Bible, Christianity

Are you really better?

Stephanie, at Girl with the Dragonfly Tattoo, criticizes a blogger for her reasoning that outrage over actions like pedophilia is improper due to our own moral failures. Here is her main thought: 

She “laughs” at the incongruity of normal people daring to judge a child molester when calling for justice to be done. 

Why would a Christian laugh at a situation dealing with something so clearly evil, and something we are supposed to view with soberness and yes, we are called to judge and expose evil (Eph 5).


In the comments, when responding to a victim of child molestation 😦 , who obviously was very offended by her suggestions in this post, she defends herself and takes this analogy even further to include other evil acts some humans engage in: killing a police officer – which earns people the death penalty in some states.  Don’t judge them, she says.  You’re no better as a person, than a cop killer.


Ok, so where does this “you’re no better than a truly evil person” stop with this line of reasoning?

With all the mass murdering happening in the news lately, first the church that was my Uncle and Aunt’s old church being shot up with MANY children and even pregnant women murdered last week, to just this morning hearing of an elementary school being another target of an evil mass murderer.  Are we really called to “not judge” evil doers who commit acts like these?  Is it really better “to laugh” at the people who DO get angry and voice their sentiments of desiring justice?

Her philosophical exercise is revealing.
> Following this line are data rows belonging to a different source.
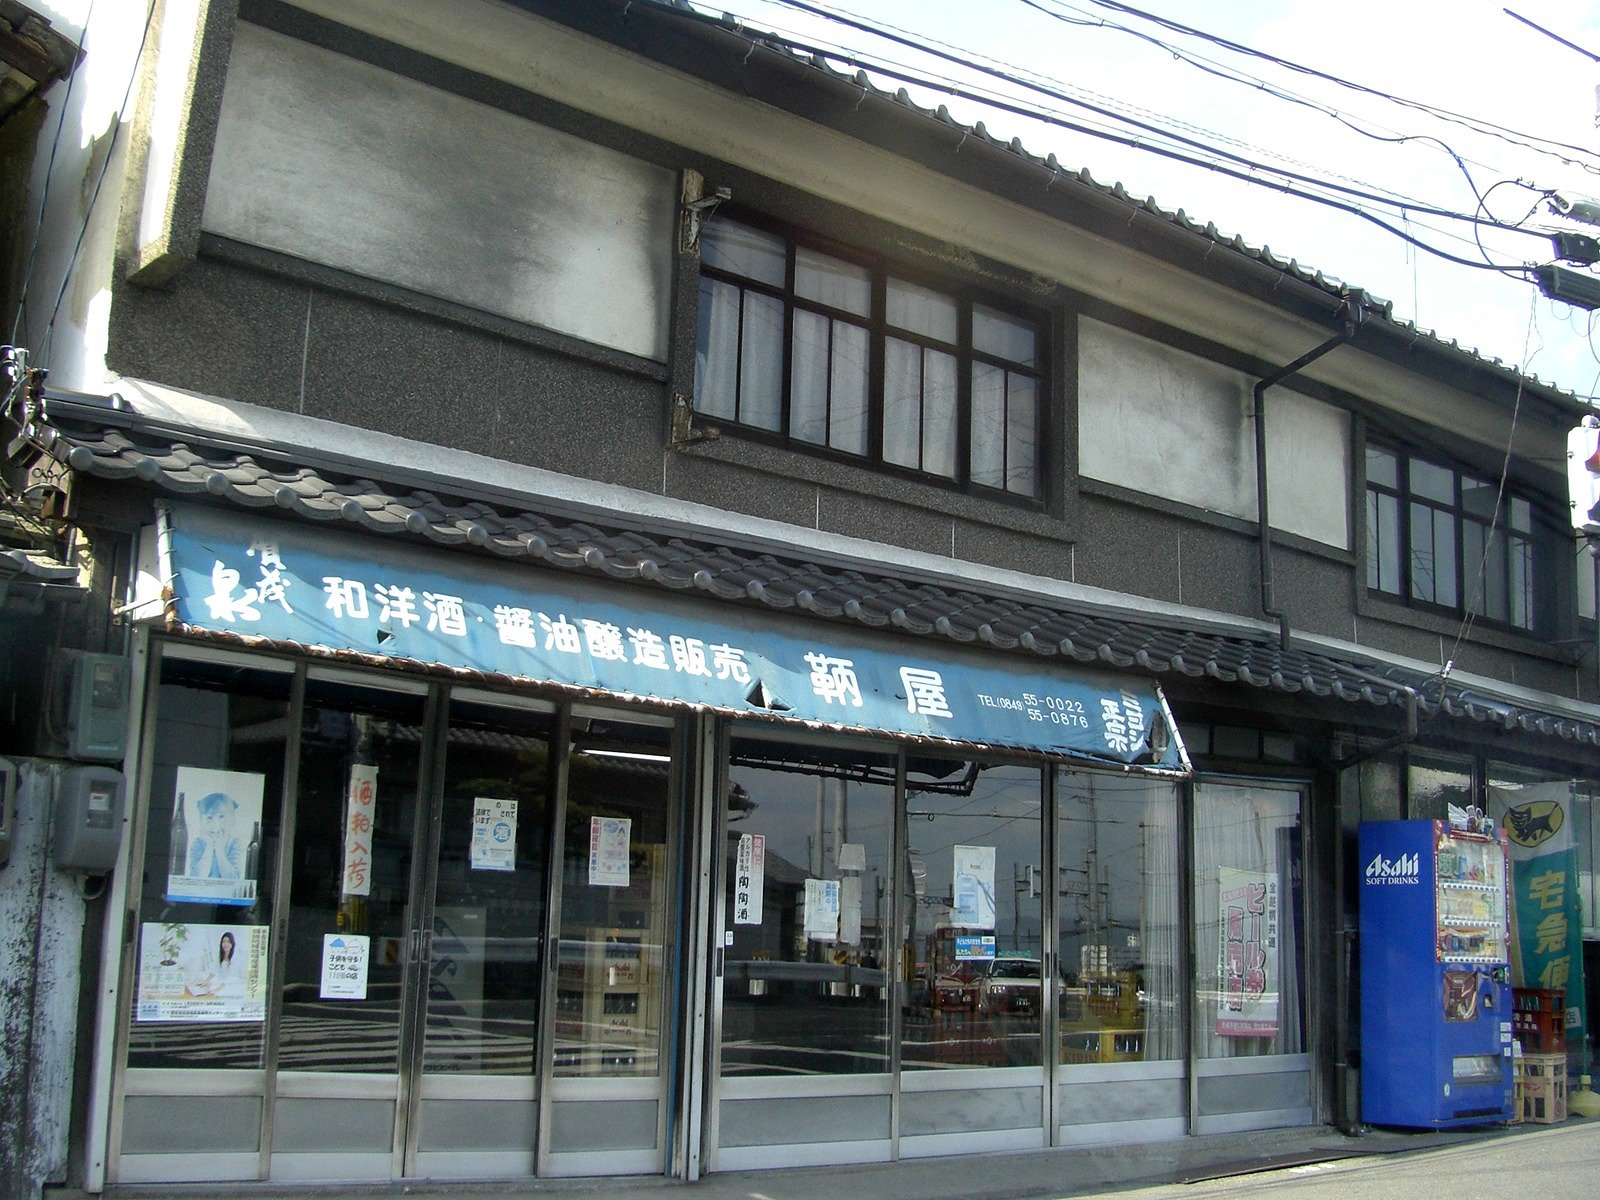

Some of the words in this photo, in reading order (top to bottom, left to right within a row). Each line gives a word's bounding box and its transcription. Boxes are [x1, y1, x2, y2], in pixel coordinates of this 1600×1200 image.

[203, 559, 262, 622] 泉
[1022, 693, 1085, 713] 55-0022
[1027, 708, 1089, 728] 55-0876
[1366, 852, 1419, 877] Asahi
[1366, 877, 1387, 885] SOFT
[1388, 876, 1419, 885] DRINKS
[1528, 869, 1571, 990] 宅急便
The fact of human beings being all equally under condemnation for sin by no means implies that all are under equal sentences or are guilty of equally evil sins. But it got me to thinking about the Biblical justification for the claim that universal human sinfulness does not entail universal moral equality. Here are some Biblical justifications:

  1. The Old Testament teaches that Enoch and Noah were morally superior to their contemporaries and the Abel was morally superior to Cain.
  2. Old Testament laws have different penalties. Jesus teaches different levels of punishment for different levels of sin in Luke 12:35-48.
  3. He also teaches different levels of sin in John 9:40-41.
  4. Again, he teaches different levels of sin in Mark 3:28-29.
  5. Paul, in Romans 2:6-9, assumes that people have different responses to God’s revelation in conscience.
  6. Paul teaches some who are spiritual have the right and responsibility to correct their brothers and sisters in Galatians 6:1-4. These verses line up exactly with what Jesus says in Matthew 7:1-5, human judgment (instantiated as criticism and correction) is for those who first correct themselves.
  7. Peter teaches that you can get morally worse (2 Peter 2:20).
  8. James, who says not to judge your brothers lest you become a judge of the law of God, also says to turn sinners back to the truth (James 5:19-20). Through his epistle, he also criticizes the rich exploiters of the poor, those who distort faith into mere assent, and those who blame God for their personal sins. So whatever James means by ‘judge,’ he doesn’t mean, ‘don’t publicly criticize sin or sinners.’
  9. Finally, for the New Testament to teach that Christ can redeem us is to teach that at least one person is morally superior to all other people.

So, moral superiority is real and actual (not merely potential). But what does that mean? Well for one, it means that you ought not pray as though you haven’t sinned at all (Luke 18:10-14), but as one unworthy of heaven’s favor. It means that you are now responsible for correcting your brothers and sisters in such a fashion that they do not just turn around and automatically judge you because you’ve corrected your flaws so thoroughly and are willing to accept similar correction even from the person who is sinful in ways you are not. 

In the post Stephanie is criticizing, the author runs into a common problem for those who think Jesus teaches to never judge. In any act of correcting Christians who judge (read: correct or claim somebody did evil), you necessarily are judging. It is perhaps best to see Jesus’ teaching about judgment as normative: Judge with righteous judgment (John 7:24). So don’t just judge by how things appear, but judge based on careful reasoning.

My suspicion is that the original post is meant to be taken as more of a puritan exercise in self-examination. They recommended that you see in yourself the depths of depravity that are truly there through the lens of the deeds you abhor in others, then be grateful for God’s grace (see Jonathan Edwards’ Resolution 8). Exercises of this sort keep you from doing such horrible sins. 

All of this is to say that it’s important judge and it’s important to judge in such a way that allows you to remain humble.